The Wedding Eve, Alison Graham

Altan had hardly expected to enjoy the day of the pre-wedding celebration, but things took a significant downturn after the rehearsal.

One of the girls had decided to ask him a question.

‘Shouldn’t you be with your future bride?’ she asked, teeth bright in a cheeky smile. She was a pretty thing with large blue eyes, cinnamon skin and unusually bright auburn hair. Her question sent a ripple of giggles undulating among the other girls surrounding the prince, glittering butterflies orbiting a single bright flower.

Altan stifled a scowl, glancing at the figure in the corner of the ballroom.
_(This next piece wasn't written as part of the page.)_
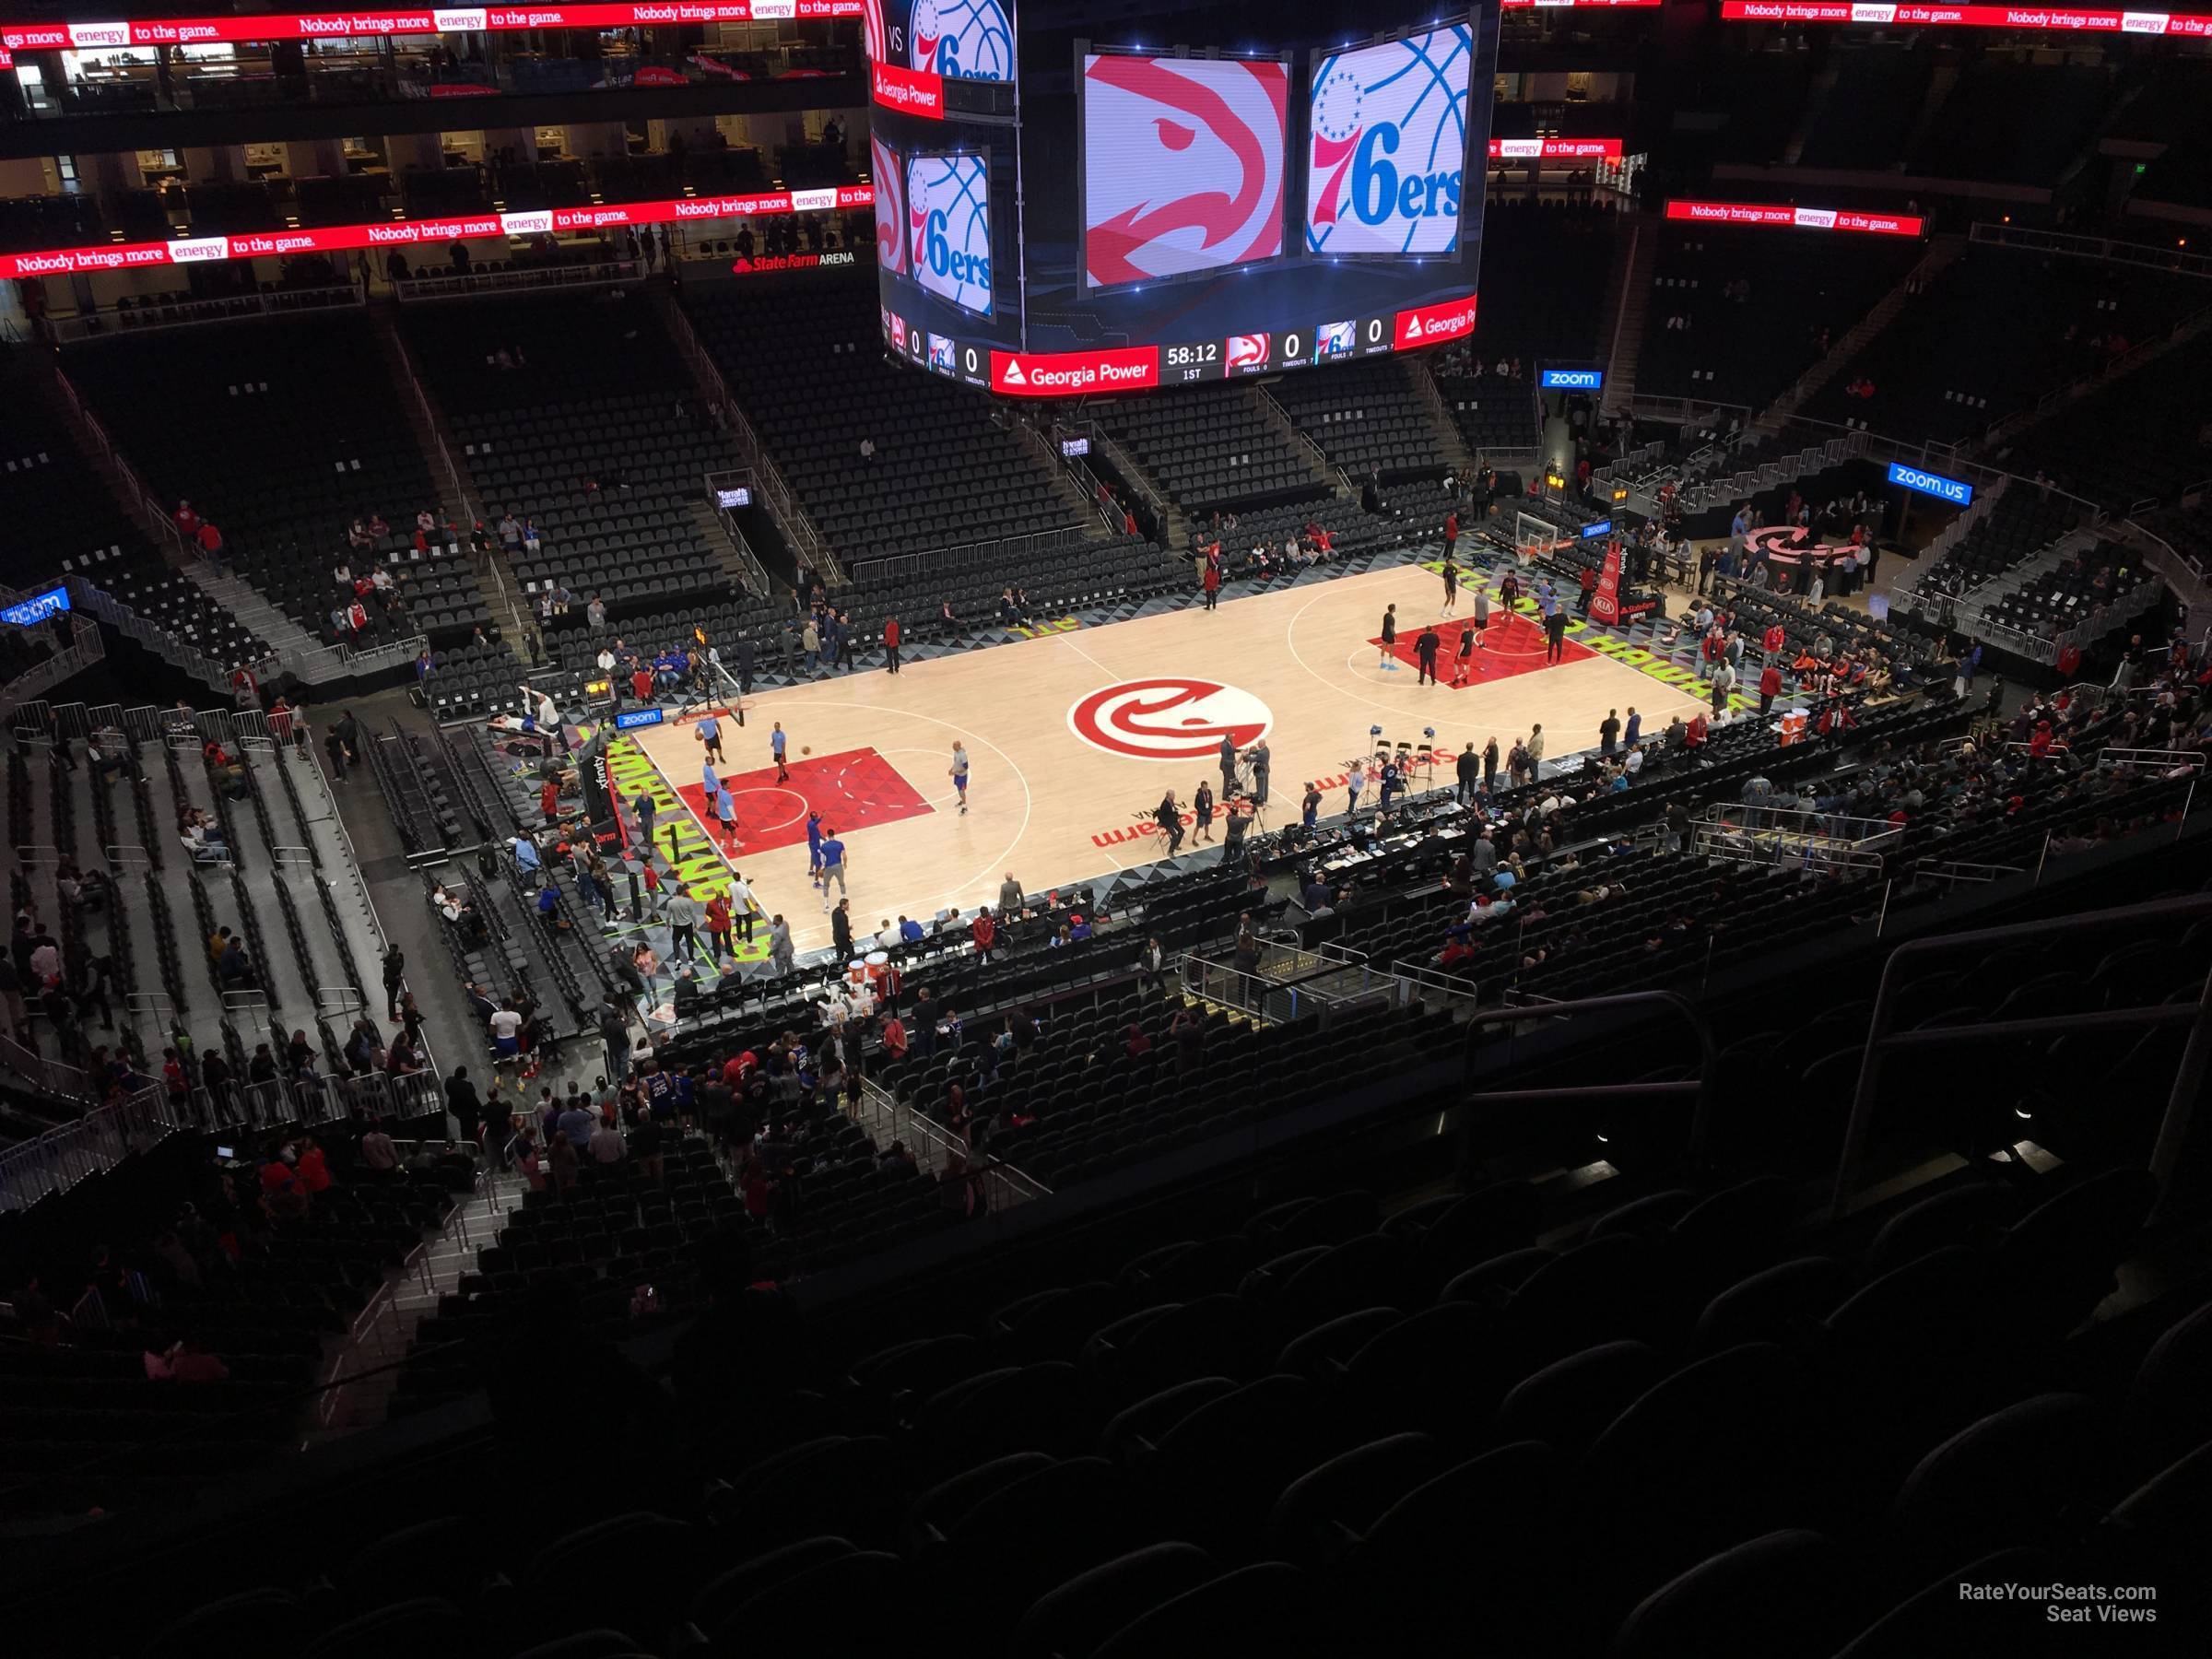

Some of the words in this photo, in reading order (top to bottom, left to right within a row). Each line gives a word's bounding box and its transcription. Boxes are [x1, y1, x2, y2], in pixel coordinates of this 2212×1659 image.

His betrothed cut an embarrassing figure. She was too slight and pale, garish in a puffy purple gown in the style of her homeland. She was rarely dressed in such finery, and it showed in how her calloused fingers tugged uncomfortably at her ruffled hems and pulled at the brocaded waist. Flowers had been woven into her glossy dark braid, but its beauty did little to offset her perpetually red cheeks and nose, and she hunched awkwardly over the glass in her hand. He knew she sipped at it to keep her hands and mouth busy, to hide the fact that nobody was talking to her.

Next to him, they made a bizarre pair, so he preferred to keep his distance. Altan was lithe and dark, with fine features. His mauve kaftan skimmed his figure perfectly, comfortable as a second skin. His jewellery was carefully placed, each link of gold painstakingly measured, garnets chosen in just the right colour to match his orange eyes. He was better suited with one of the glimmering courtesans currently surrounding him, but they lacked the power or lands that better piqued his mother’s interest.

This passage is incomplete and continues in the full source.